**REQUIRED ACTION**
Repeat, exactly and completely, the entries shown underneath.

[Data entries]
◆ ◆ ◆

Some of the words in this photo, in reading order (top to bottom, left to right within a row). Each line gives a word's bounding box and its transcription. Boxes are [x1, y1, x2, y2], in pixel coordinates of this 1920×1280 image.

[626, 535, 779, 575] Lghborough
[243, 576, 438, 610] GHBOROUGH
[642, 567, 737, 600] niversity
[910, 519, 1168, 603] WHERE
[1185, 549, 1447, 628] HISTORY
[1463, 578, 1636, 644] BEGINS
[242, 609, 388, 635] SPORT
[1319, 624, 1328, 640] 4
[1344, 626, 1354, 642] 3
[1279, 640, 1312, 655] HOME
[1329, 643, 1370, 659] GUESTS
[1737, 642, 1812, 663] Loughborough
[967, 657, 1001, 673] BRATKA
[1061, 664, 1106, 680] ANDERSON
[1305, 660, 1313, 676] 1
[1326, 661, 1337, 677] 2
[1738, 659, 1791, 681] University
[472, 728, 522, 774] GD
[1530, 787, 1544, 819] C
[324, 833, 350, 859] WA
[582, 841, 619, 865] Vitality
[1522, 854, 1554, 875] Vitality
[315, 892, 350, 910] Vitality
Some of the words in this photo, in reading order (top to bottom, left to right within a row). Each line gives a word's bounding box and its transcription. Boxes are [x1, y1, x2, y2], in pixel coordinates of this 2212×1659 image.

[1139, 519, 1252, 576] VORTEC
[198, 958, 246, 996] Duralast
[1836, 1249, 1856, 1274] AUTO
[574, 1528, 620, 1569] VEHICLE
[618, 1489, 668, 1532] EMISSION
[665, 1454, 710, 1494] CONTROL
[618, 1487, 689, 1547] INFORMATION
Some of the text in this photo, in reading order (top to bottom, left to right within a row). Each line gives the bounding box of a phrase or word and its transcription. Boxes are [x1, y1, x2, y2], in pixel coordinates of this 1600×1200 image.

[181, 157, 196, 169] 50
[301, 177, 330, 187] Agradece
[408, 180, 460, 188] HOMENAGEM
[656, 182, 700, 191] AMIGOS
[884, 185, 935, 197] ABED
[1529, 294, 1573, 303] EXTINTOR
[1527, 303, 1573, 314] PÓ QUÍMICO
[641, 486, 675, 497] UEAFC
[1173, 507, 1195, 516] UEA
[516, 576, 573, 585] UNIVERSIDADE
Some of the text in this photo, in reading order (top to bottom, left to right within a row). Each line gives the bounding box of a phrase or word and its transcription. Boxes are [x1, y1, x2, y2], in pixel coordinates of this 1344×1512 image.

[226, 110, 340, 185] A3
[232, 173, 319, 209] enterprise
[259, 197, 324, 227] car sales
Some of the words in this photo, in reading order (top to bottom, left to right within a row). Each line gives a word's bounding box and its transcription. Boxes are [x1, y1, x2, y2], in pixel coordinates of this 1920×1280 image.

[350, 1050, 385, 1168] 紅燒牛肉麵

◆ ◆ ◆

**EXPECTED ANSWER**
Some of the words in this photo, in reading order (top to bottom, left to right within a row). Each line gives a word's bounding box and its transcription. Boxes are [x1, y1, x2, y2], in pixel coordinates of this 1920×1280 image.

[626, 535, 779, 575] Lghborough
[243, 576, 438, 610] GHBOROUGH
[642, 567, 737, 600] niversity
[910, 519, 1168, 603] WHERE
[1185, 549, 1447, 628] HISTORY
[1463, 578, 1636, 644] BEGINS
[242, 609, 388, 635] SPORT
[1319, 624, 1328, 640] 4
[1344, 626, 1354, 642] 3
[1279, 640, 1312, 655] HOME
[1329, 643, 1370, 659] GUESTS
[1737, 642, 1812, 663] Loughborough
[967, 657, 1001, 673] BRATKA
[1061, 664, 1106, 680] ANDERSON
[1305, 660, 1313, 676] 1
[1326, 661, 1337, 677] 2
[1738, 659, 1791, 681] University
[472, 728, 522, 774] GD
[1530, 787, 1544, 819] C
[324, 833, 350, 859] WA
[582, 841, 619, 865] Vitality
[1522, 854, 1554, 875] Vitality
[315, 892, 350, 910] Vitality
Some of the words in this photo, in reading order (top to bottom, left to right within a row). Each line gives a word's bounding box and its transcription. Boxes are [x1, y1, x2, y2], in pixel coordinates of this 2212×1659 image.

[1139, 519, 1252, 576] VORTEC
[198, 958, 246, 996] Duralast
[1836, 1249, 1856, 1274] AUTO
[574, 1528, 620, 1569] VEHICLE
[618, 1489, 668, 1532] EMISSION
[665, 1454, 710, 1494] CONTROL
[618, 1487, 689, 1547] INFORMATION
Some of the text in this photo, in reading order (top to bottom, left to right within a row). Each line gives the bounding box of a phrase or word and its transcription. Boxes are [x1, y1, x2, y2], in pixel coordinates of this 1600×1200 image.

[181, 157, 196, 169] 50
[301, 177, 330, 187] Agradece
[408, 180, 460, 188] HOMENAGEM
[656, 182, 700, 191] AMIGOS
[884, 185, 935, 197] ABED
[1529, 294, 1573, 303] EXTINTOR
[1527, 303, 1573, 314] PÓ QUÍMICO
[641, 486, 675, 497] UEAFC
[1173, 507, 1195, 516] UEA
[516, 576, 573, 585] UNIVERSIDADE
Some of the text in this photo, in reading order (top to bottom, left to right within a row). Each line gives the bounding box of a phrase or word and its transcription. Boxes are [x1, y1, x2, y2], in pixel coordinates of this 1344×1512 image.

[226, 110, 340, 185] A3
[232, 173, 319, 209] enterprise
[259, 197, 324, 227] car sales
Some of the words in this photo, in reading order (top to bottom, left to right within a row). Each line gives a word's bounding box and its transcription. Boxes are [x1, y1, x2, y2], in pixel coordinates of this 1920×1280 image.

[350, 1050, 385, 1168] 紅燒牛肉麵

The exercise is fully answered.